[Stored data entries]
▼
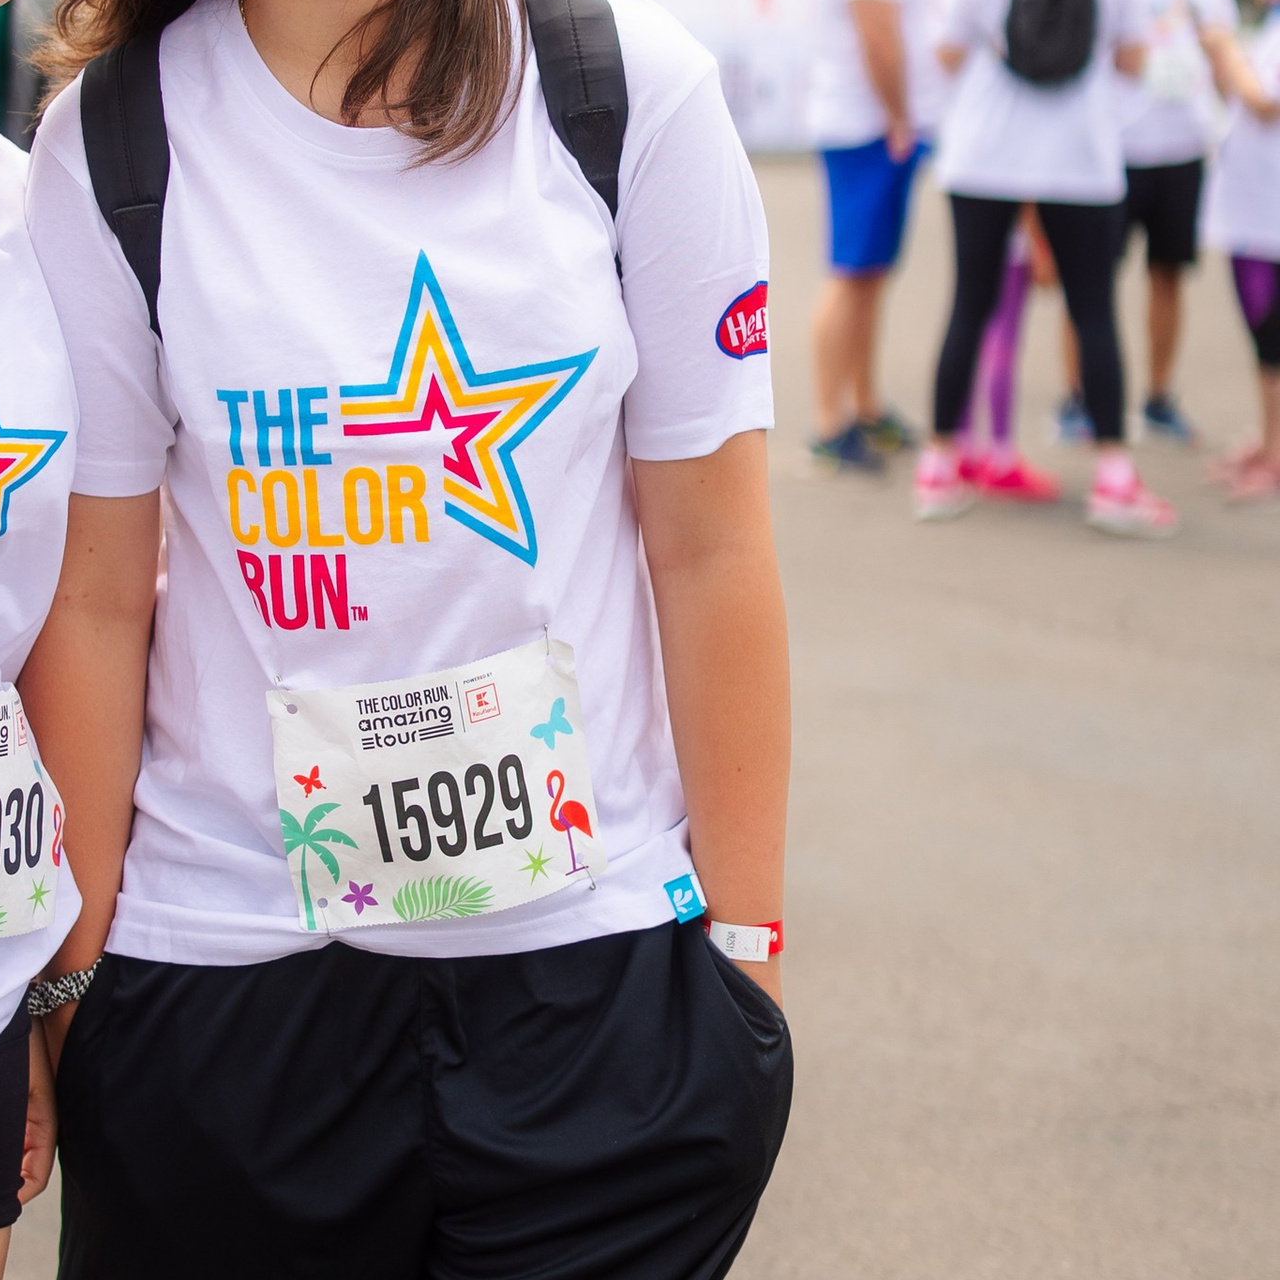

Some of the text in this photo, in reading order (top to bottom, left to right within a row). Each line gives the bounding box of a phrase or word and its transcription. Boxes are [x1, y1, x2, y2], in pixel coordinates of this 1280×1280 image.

[216, 386, 332, 468] THE
[226, 464, 430, 548] COLOR
[356, 697, 381, 716] THE
[381, 691, 423, 712] COLOR
[358, 705, 452, 732] amazing
[374, 730, 417, 748] tour
[362, 753, 534, 863] 15929
▲
→ WHAT IS BEING ASKED: Please retype the whole of the data precisely, omitting pictures.

→ RESPONSE TO THE EXERCISE:
Some of the text in this photo, in reading order (top to bottom, left to right within a row). Each line gives the bounding box of a phrase or word and its transcription. Boxes are [x1, y1, x2, y2], in pixel coordinates of this 1280×1280 image.

[216, 386, 332, 468] THE
[226, 464, 430, 548] COLOR
[356, 697, 381, 716] THE
[381, 691, 423, 712] COLOR
[358, 705, 452, 732] amazing
[374, 730, 417, 748] tour
[362, 753, 534, 863] 15929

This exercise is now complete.